The consequences ricocheted through the banking system as banks limited people’s access to their accounts and forced the Lebanese to convert their U.S. dollar accounts at the old dollar rate. That effectively meant every depositor with dollars in Lebanon effectively lost 80% of their accounts’ value.

“They stole our money,” Laila Said said angrily. She lives in a suburb and was making a rare trip downtown to run errands. “How can you have earned money since years and years and someone is taking your money now?”

But Lebanon, like most places, is nothing if not a country of contradictions. There are segments of the economy that are managing better — affluent and running on dollars brought in by tourists and expatriates. 

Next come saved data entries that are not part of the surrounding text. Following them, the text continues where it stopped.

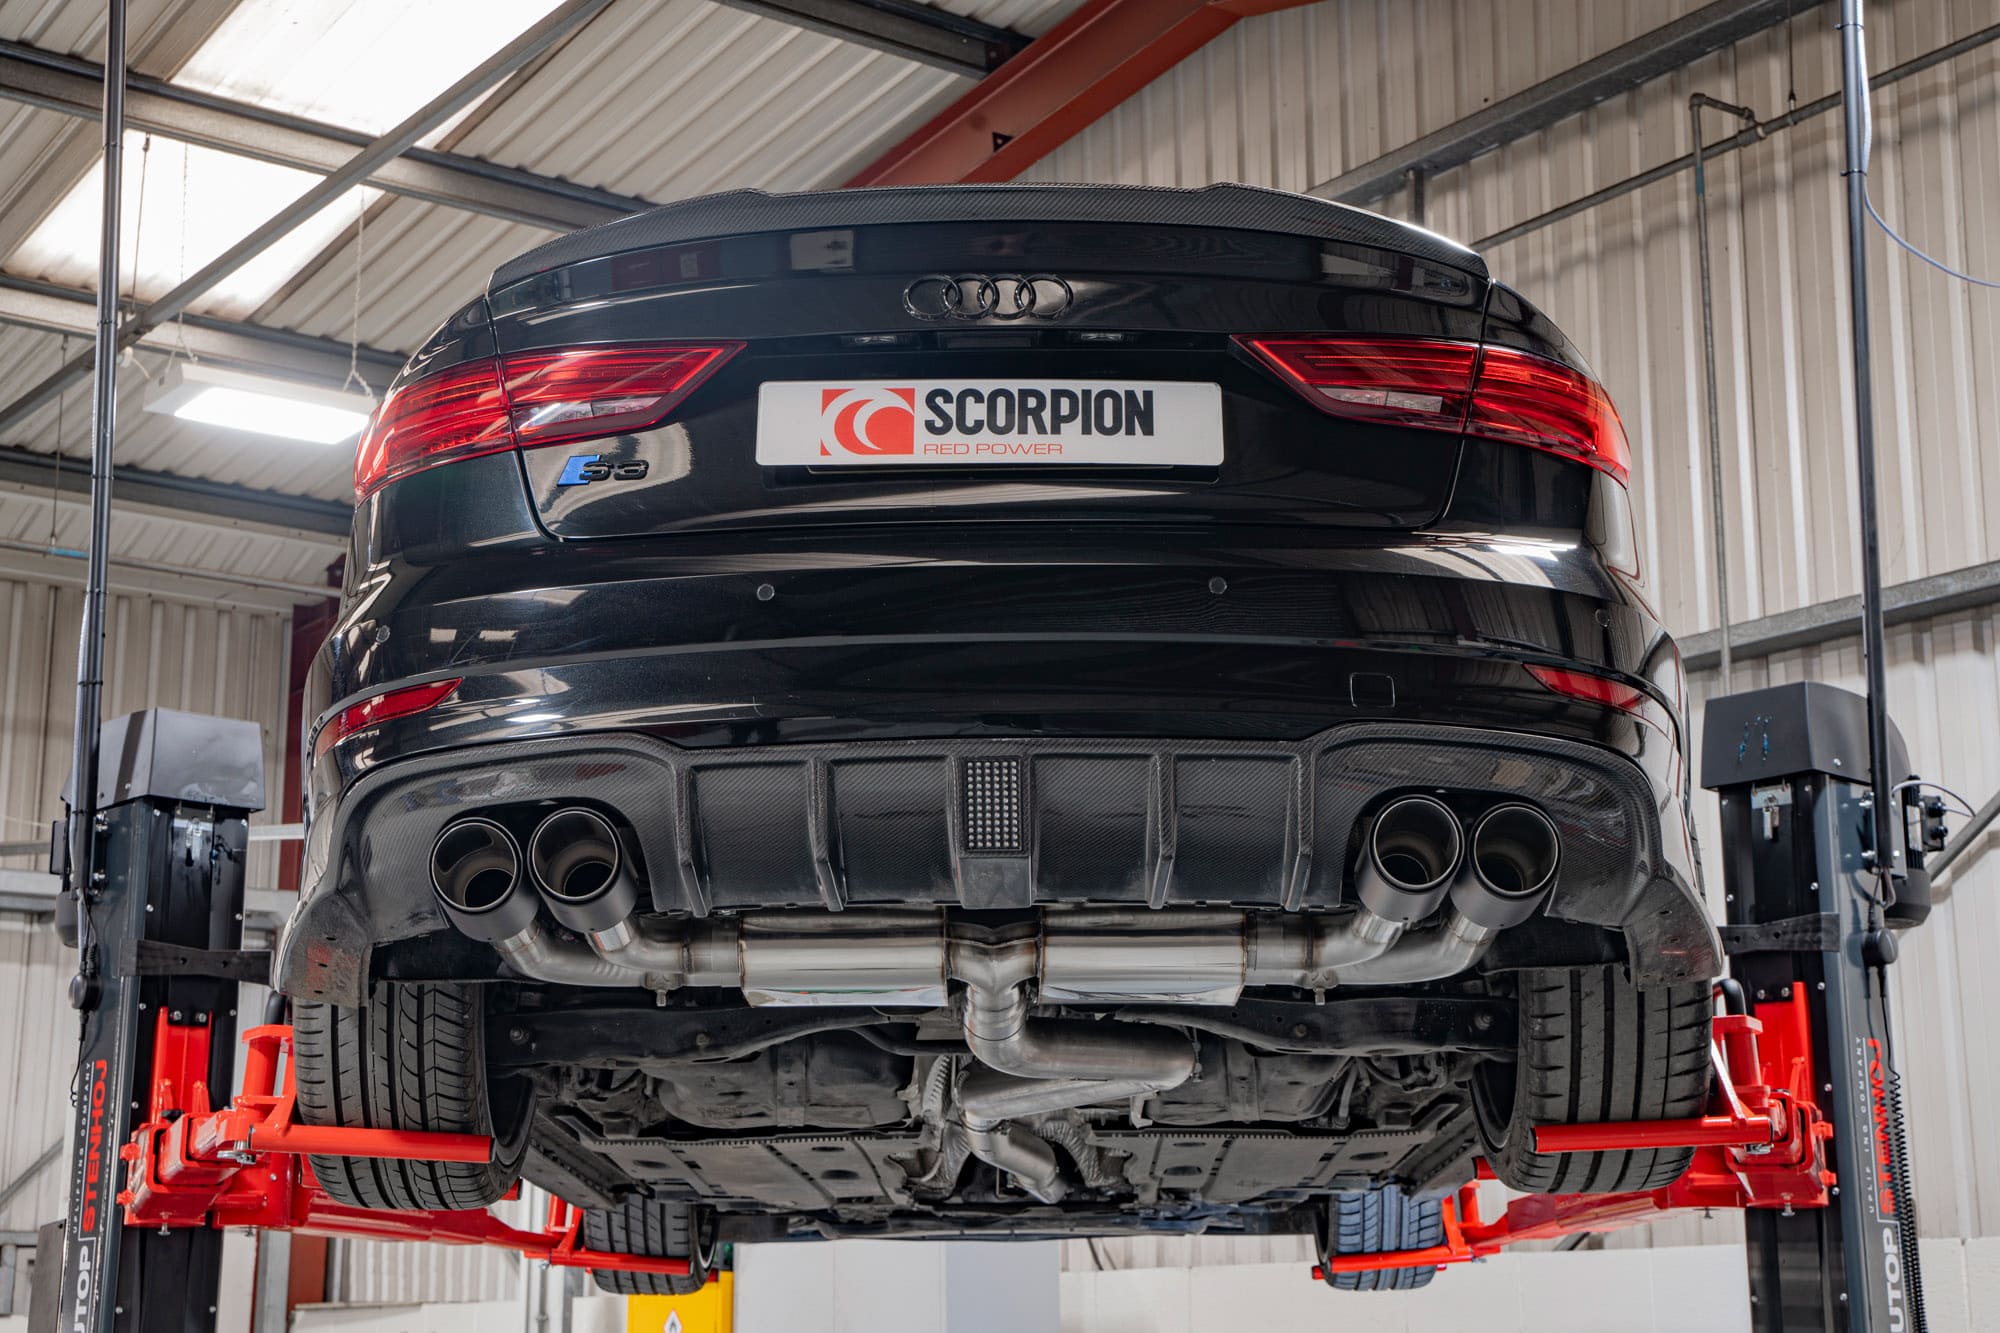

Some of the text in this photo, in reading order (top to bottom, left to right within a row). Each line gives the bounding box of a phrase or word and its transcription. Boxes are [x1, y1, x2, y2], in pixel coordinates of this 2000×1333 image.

[923, 443, 1063, 455] RED POWER
[924, 388, 1154, 436] SCORPION
[1856, 1037, 1868, 1113] COMPANY
[72, 1062, 91, 1234] UPLIFTING COMPANY
[82, 1059, 108, 1233] STENHOJ
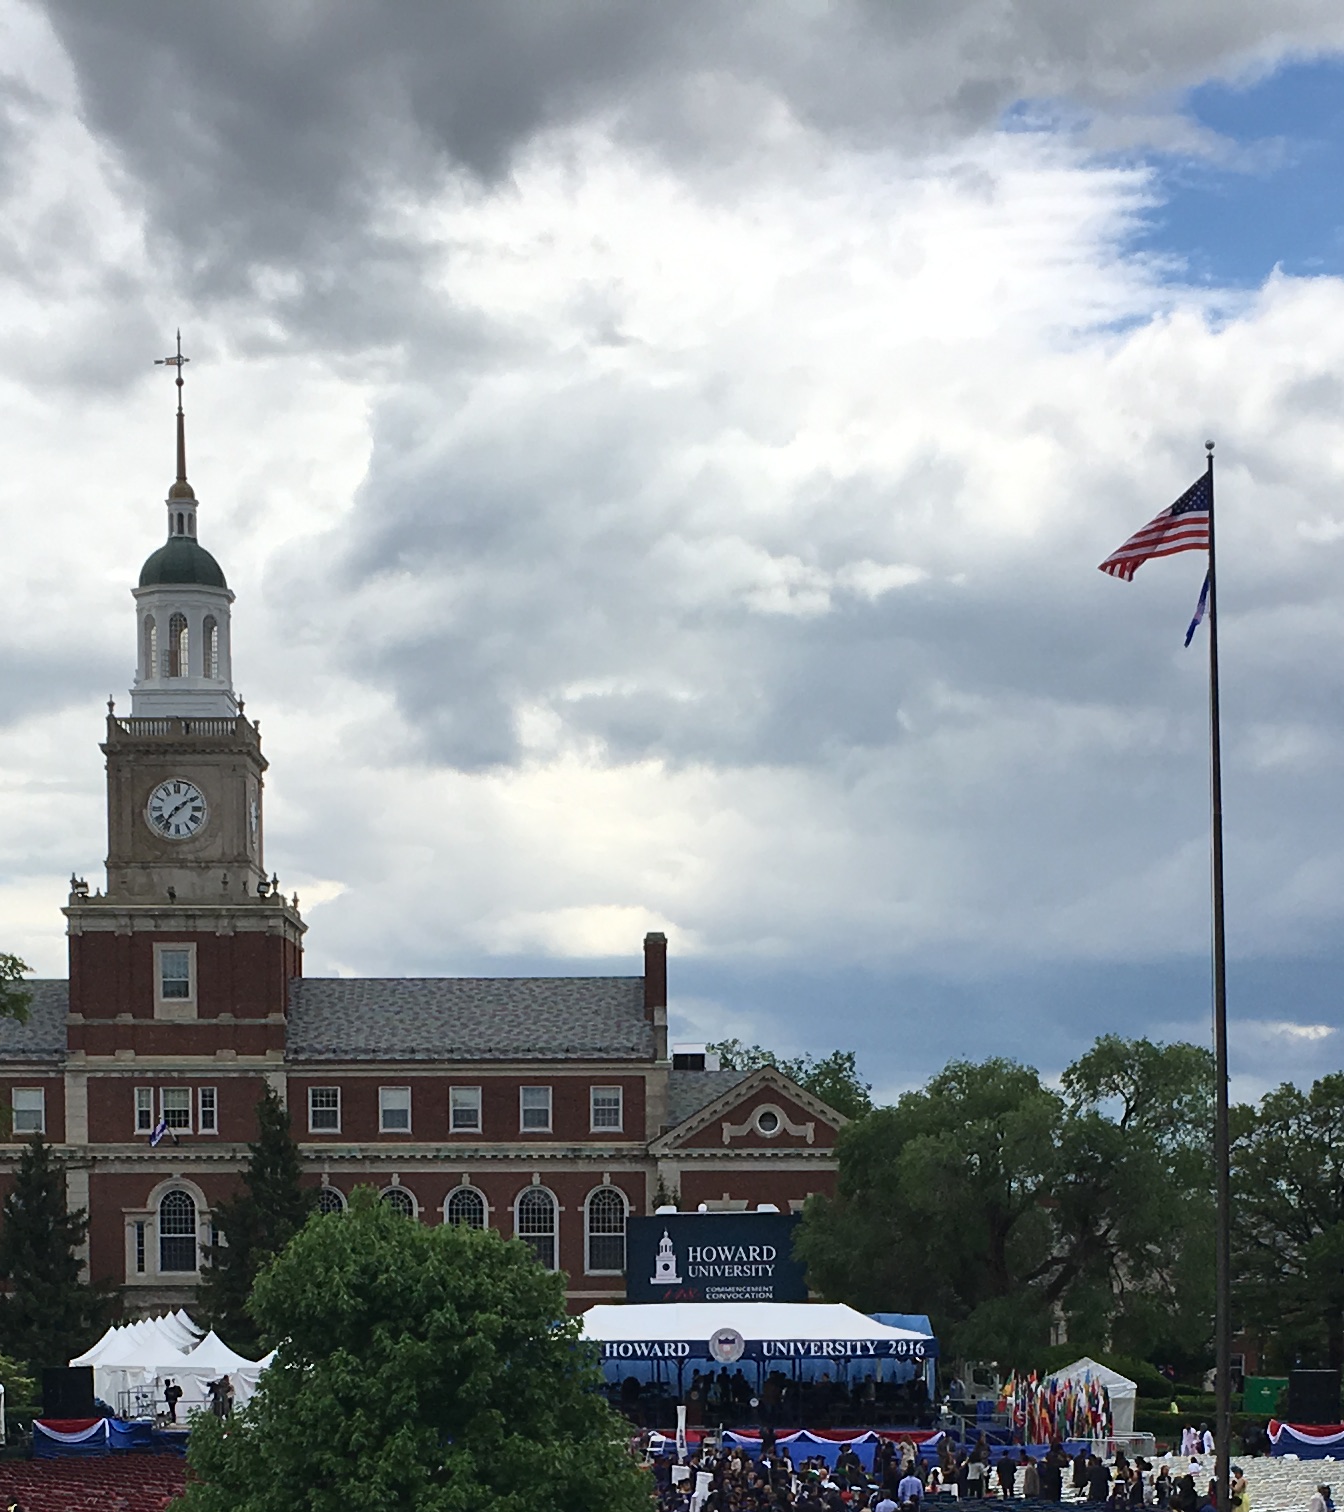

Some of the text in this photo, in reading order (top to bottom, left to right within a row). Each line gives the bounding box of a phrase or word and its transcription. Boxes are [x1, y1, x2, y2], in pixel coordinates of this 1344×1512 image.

[688, 1245, 777, 1262] HOWARD
[688, 1264, 775, 1278] UNIVERSITY
[705, 1292, 774, 1300] CONVOCATION
[605, 1340, 925, 1357] HOWARD UNIVERSITY 2016
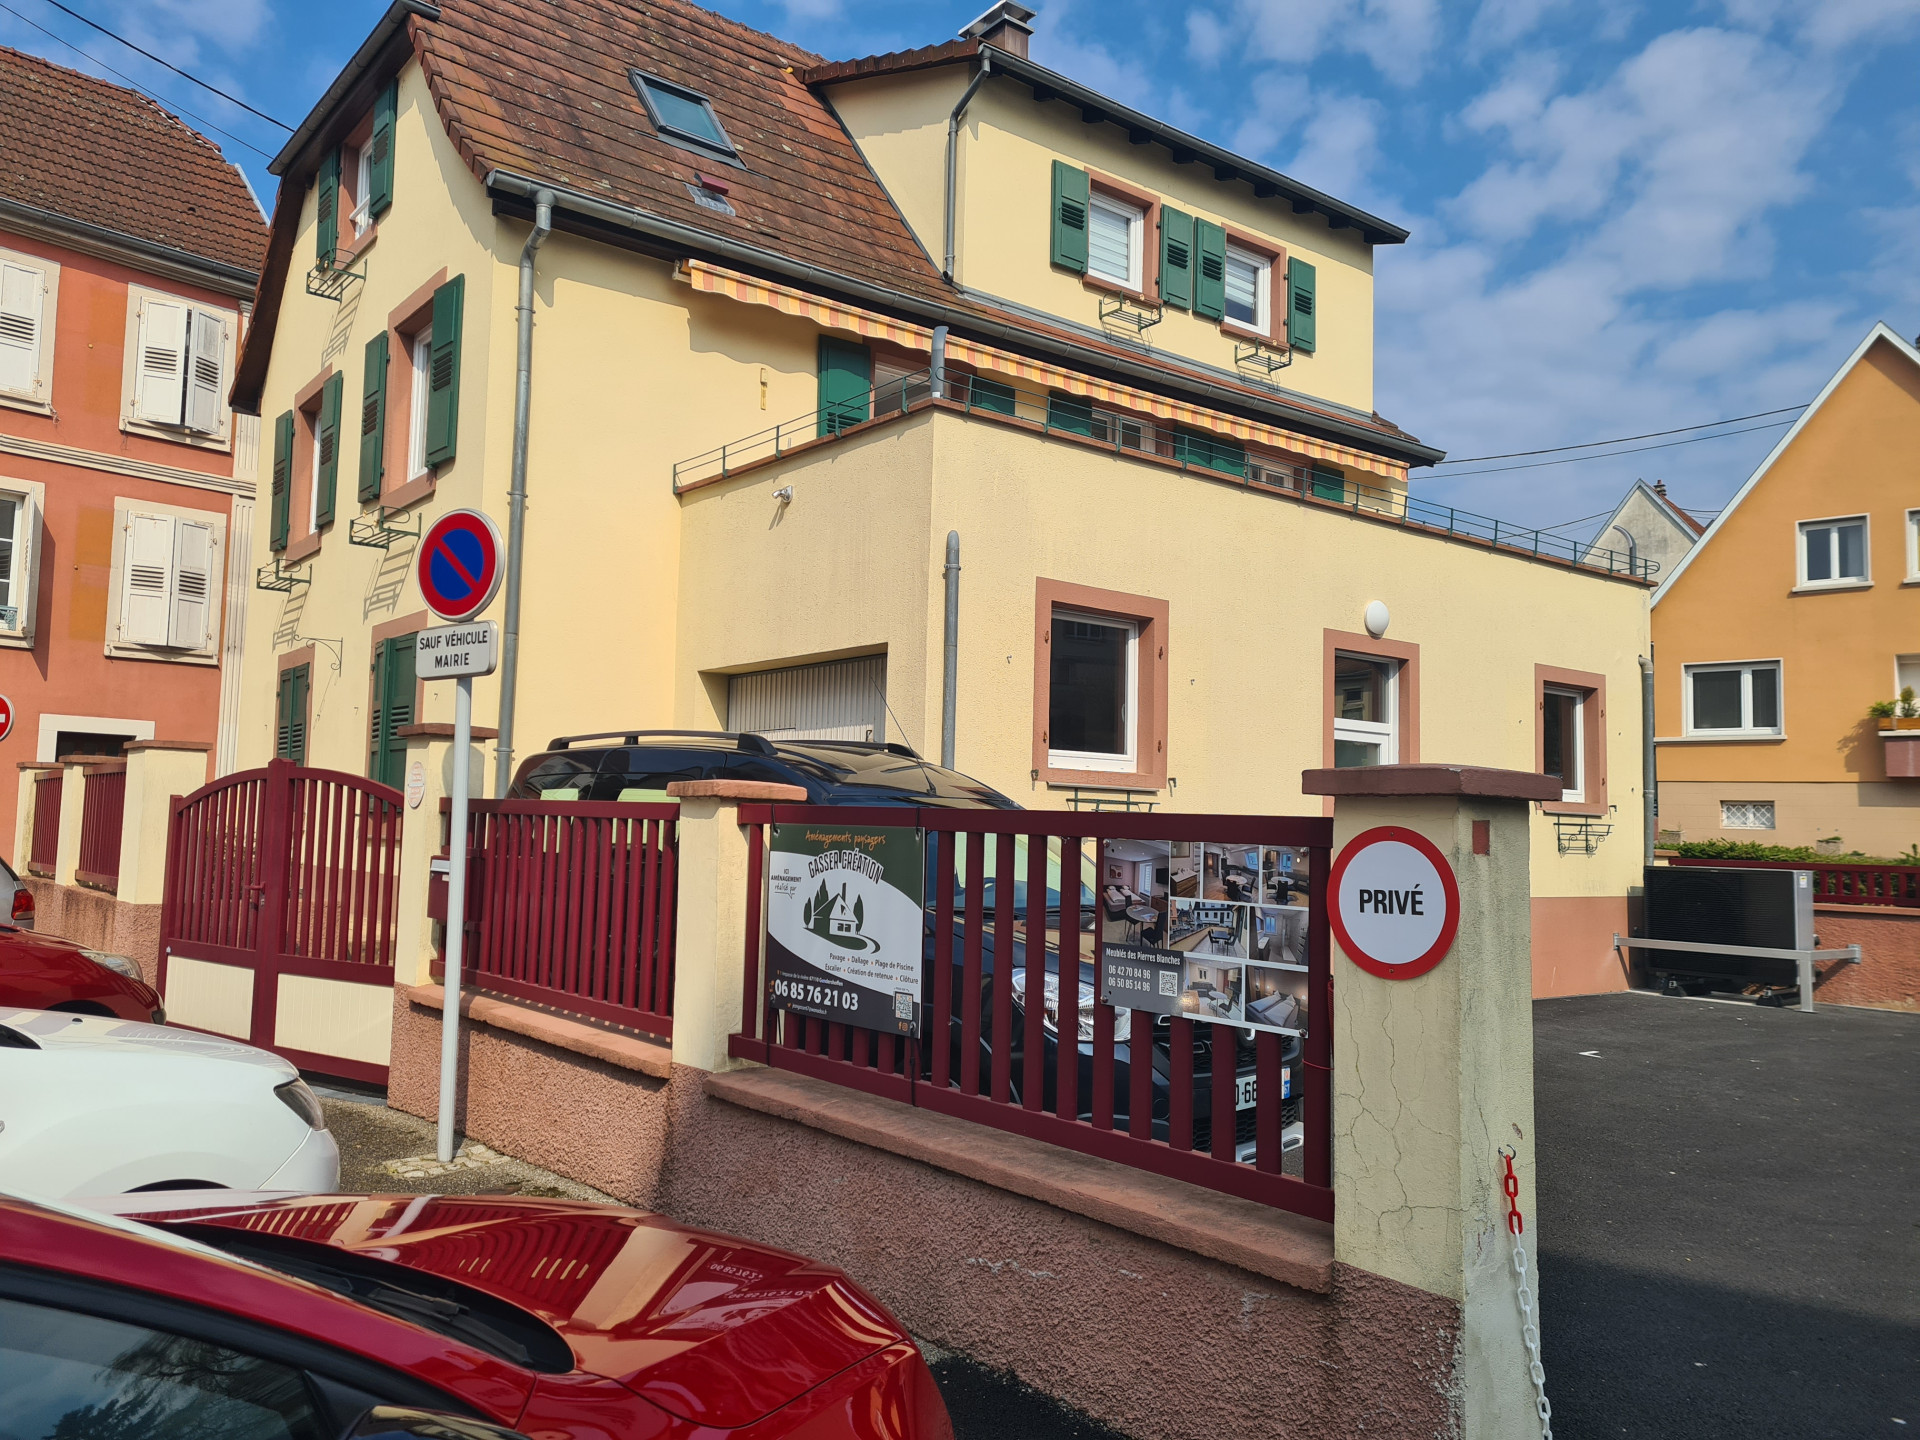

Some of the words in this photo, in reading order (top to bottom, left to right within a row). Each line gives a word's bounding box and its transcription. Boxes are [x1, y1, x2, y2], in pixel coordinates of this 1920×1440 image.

In the mountains outside of Beirut, wedding music can still be heard through the valleys. At a waterfall-side restaurant in Lebanon’s Shouf region, a couple dines on a floating platform in a stream-fed pool. Entrance is $20. 

The U.S. and France have offered hundreds of millions of dollars’ worth of humanitarian relief. But recovery would require loans in the range of billions, economists say.

The IMF has offered such loans on condition of reforms, but the government has been unwilling or unable to agree to them. Up until recently, Lebanon didn’t have a fully functional executive branch — the last one resigned in August 2020 after the massive explosion at Beirut’s port but remained in a caretaker capacity. A new government was announced in earlier this month and is promising to tackle the crisis.  

For some, it’s too little, too late.

Hisham Kekhia works for his family’s bottle manufacturing business. Last June, he got sick. 

“For three weeks, I couldn’t find the most basic medicine,” he told me. “It was the last straw. It’s become unlivable. So, I’m going to leave.” He’ll go to Turkey, he thinks.

He will leave behind a country that — to many — is becoming unrecognizable.